[[ RECORDS PROVIDED, beginning ]]

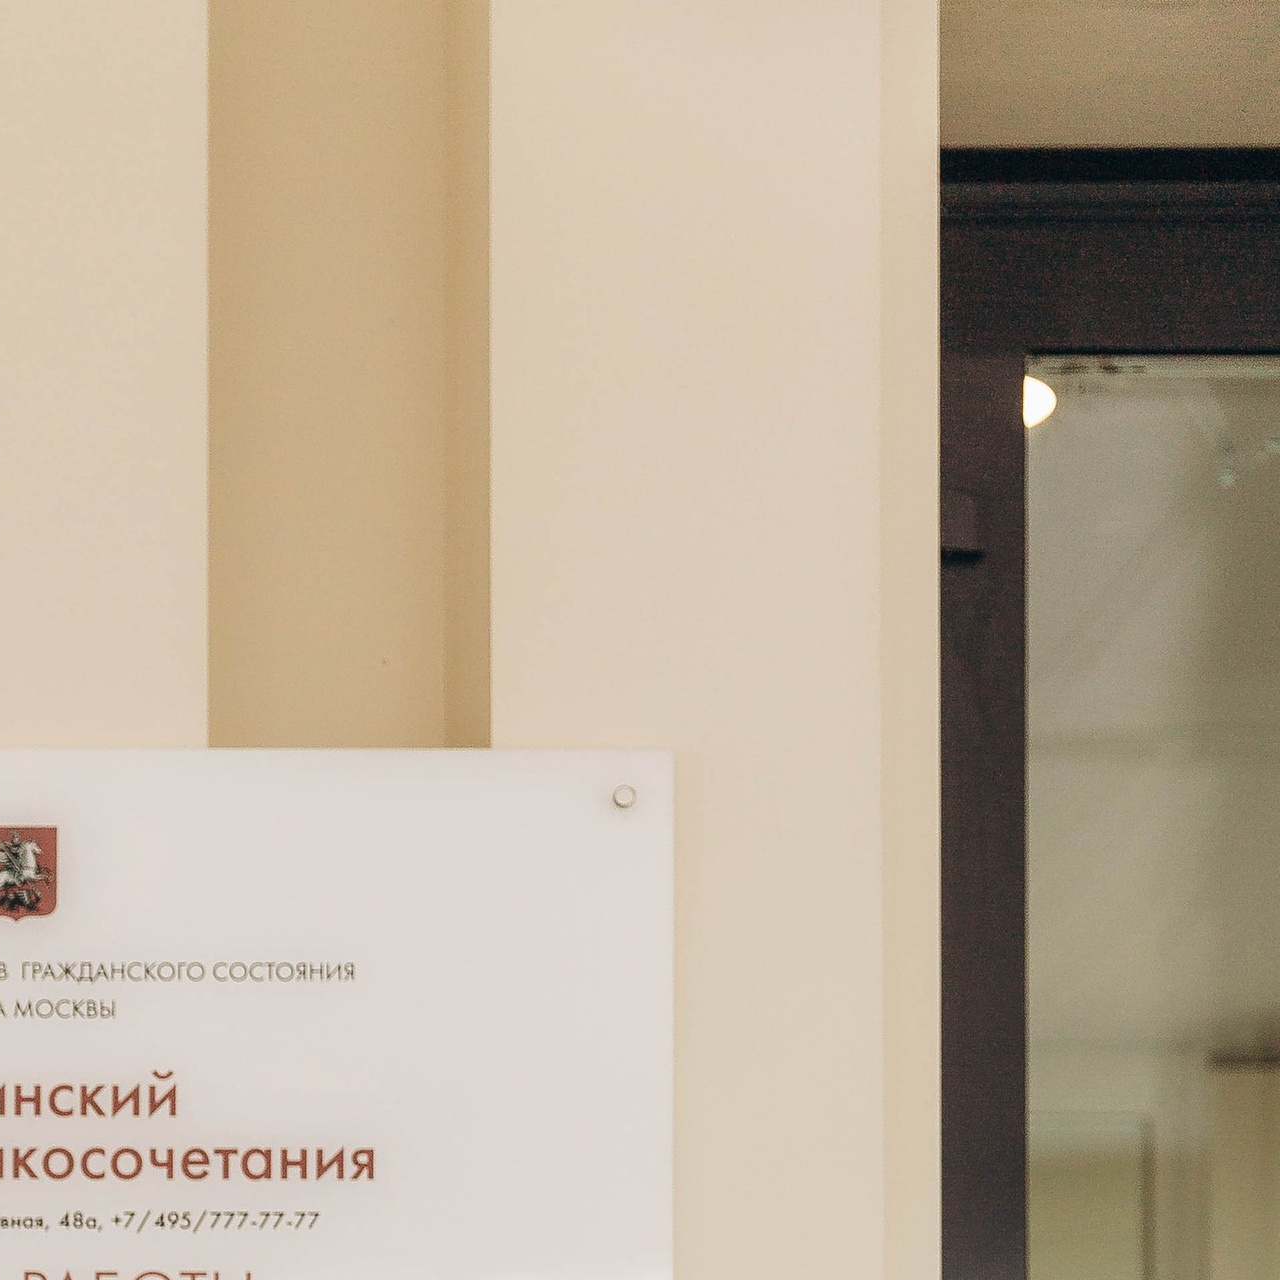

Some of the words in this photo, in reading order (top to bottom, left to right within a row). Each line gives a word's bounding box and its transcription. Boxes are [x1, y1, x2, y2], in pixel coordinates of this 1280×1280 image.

[21, 961, 206, 984] ГРАЖДАНСКОГО
[212, 961, 356, 983] СОСТОЯНИЯ
[13, 998, 116, 1019] МОСКВЫ
[59, 1211, 103, 1231] 48а,
[112, 1210, 320, 1233] +7/495/777-77-77
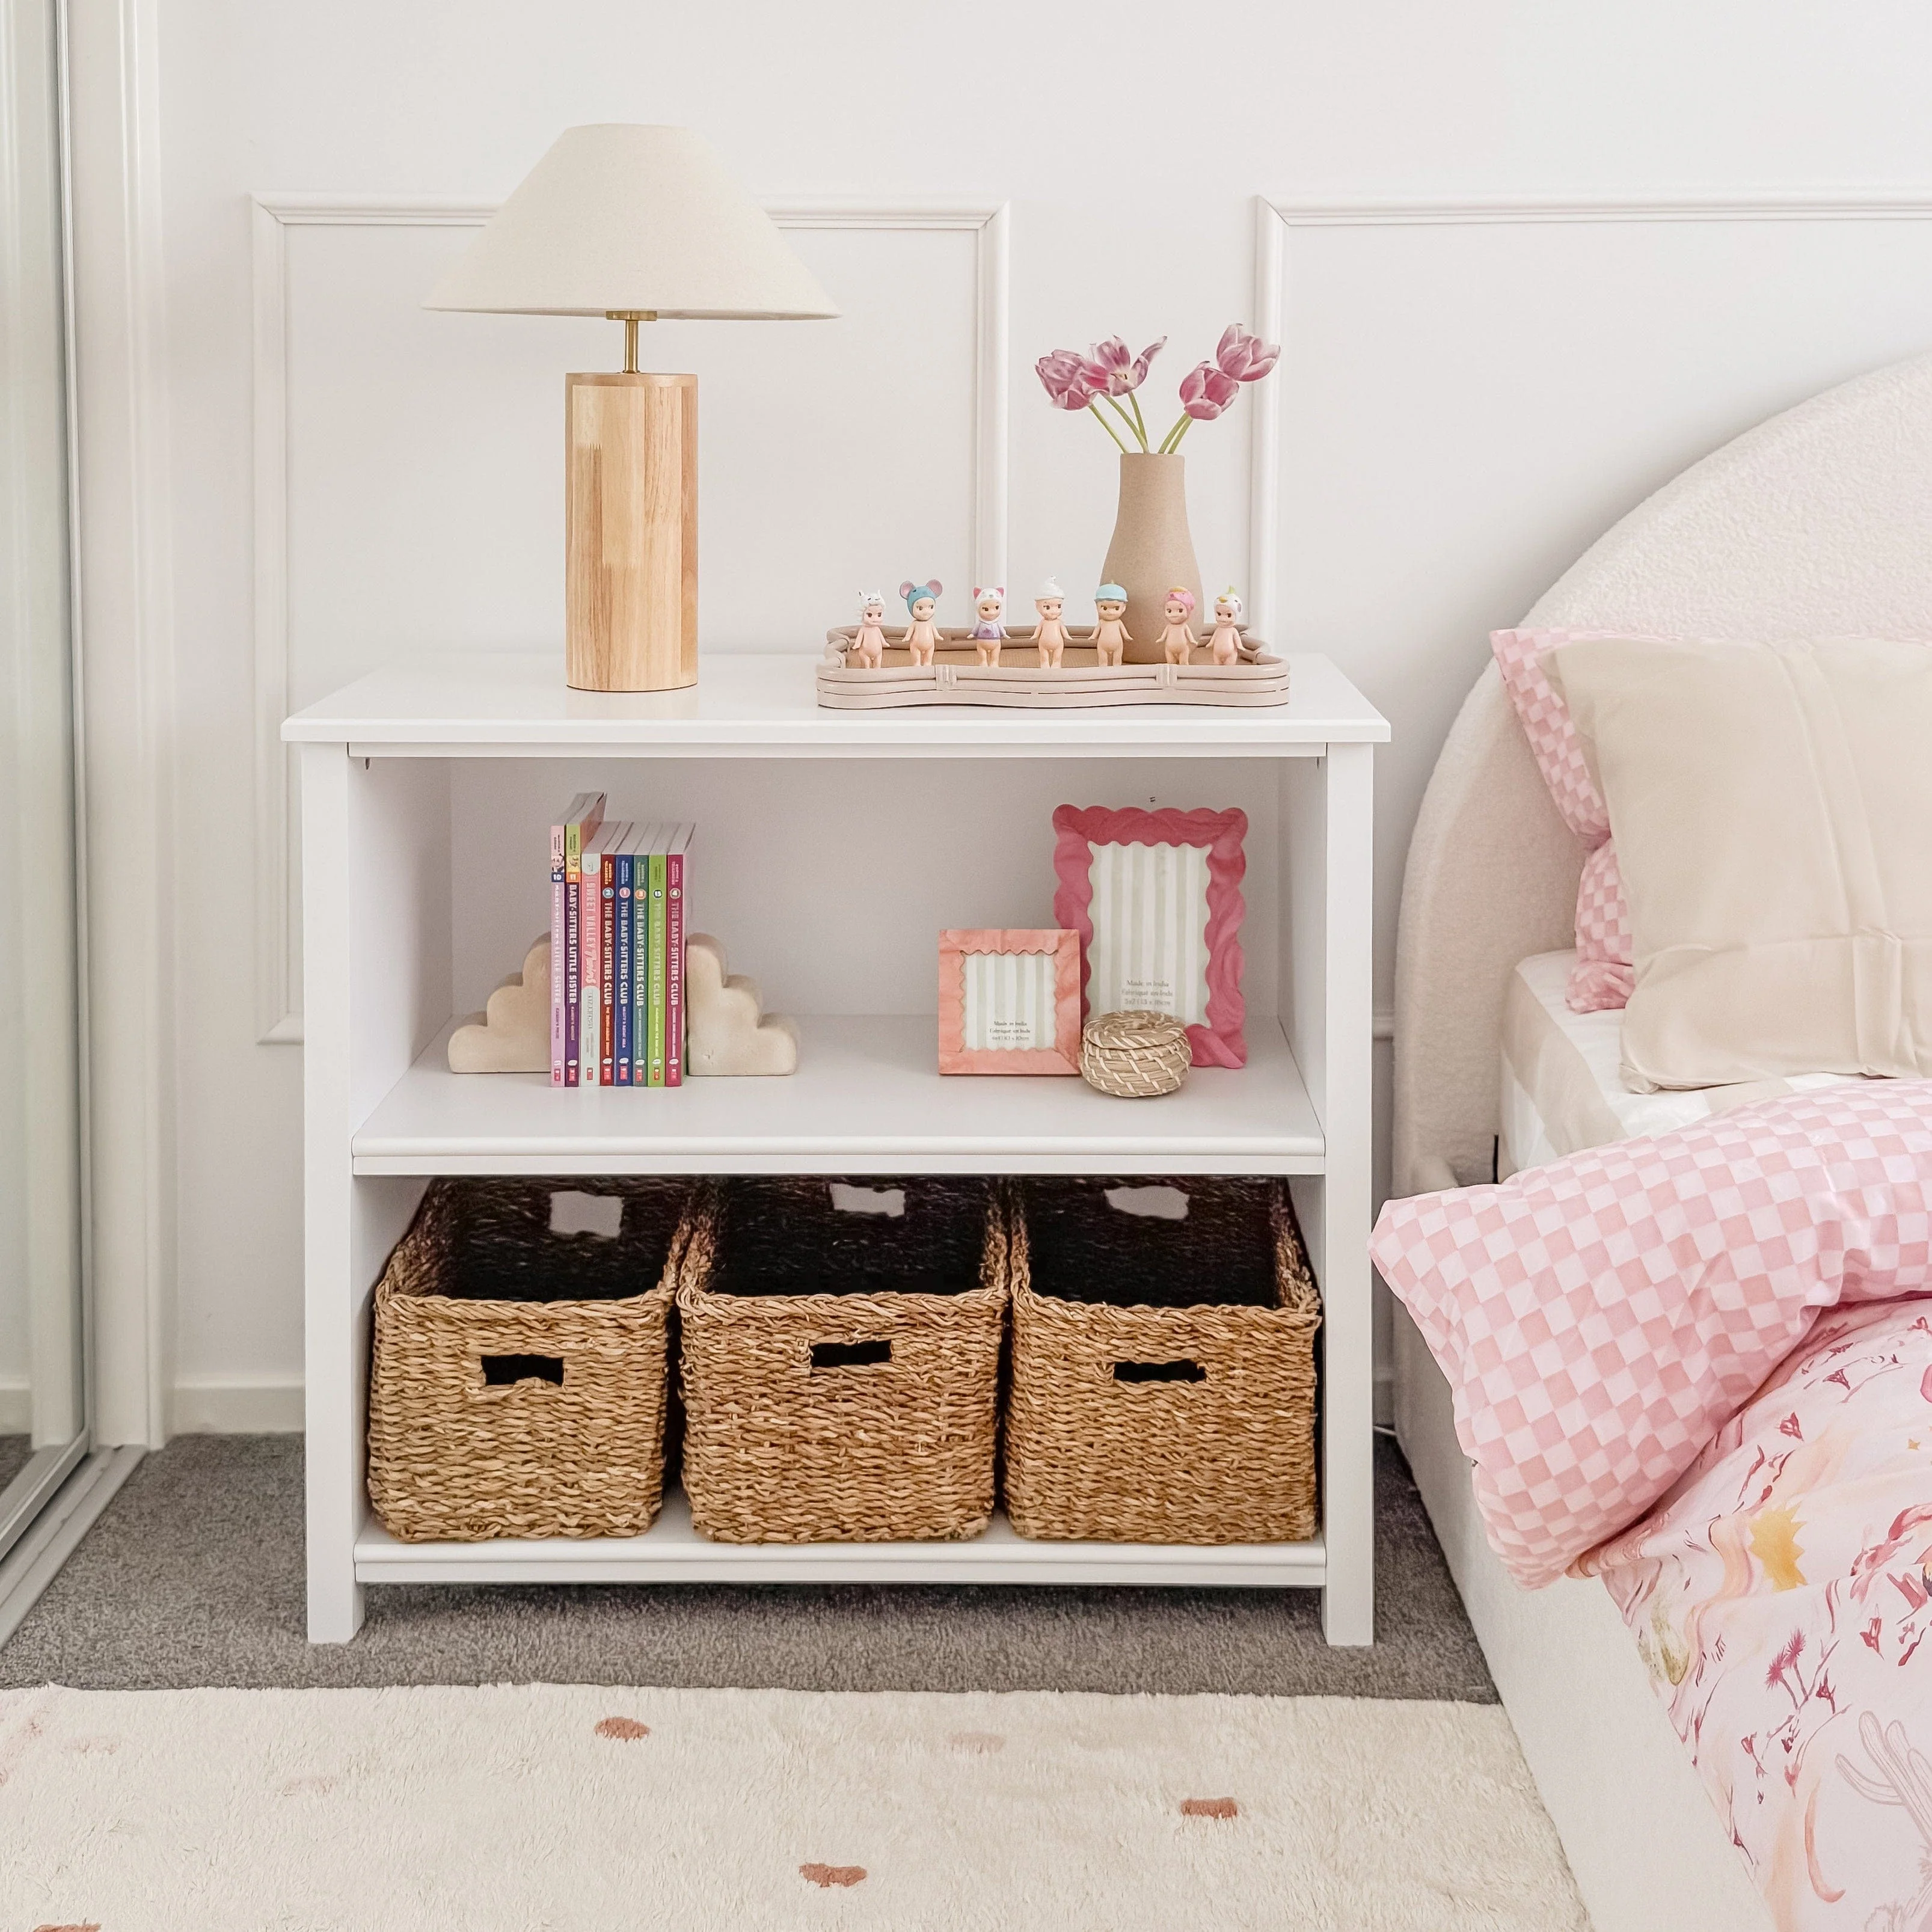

[[ RECORDS PROVIDED, end ]]

§ WHAT YOU ARE ASKED TO DO
After dropping every picture, transcribe each entry exactly.

§ RESPONSE TO THE TASK
Some of the words in this photo, in reading order (top to bottom, left to right within a row). Each line gives a word's bounding box and its transcription. Boxes are [x1, y1, x2, y2], in pixel coordinates of this 1280×1280 image.

[21, 961, 206, 984] ГРАЖДАНСКОГО
[212, 961, 356, 983] СОСТОЯНИЯ
[13, 998, 116, 1019] МОСКВЫ
[59, 1211, 103, 1231] 48а,
[112, 1210, 320, 1233] +7/495/777-77-77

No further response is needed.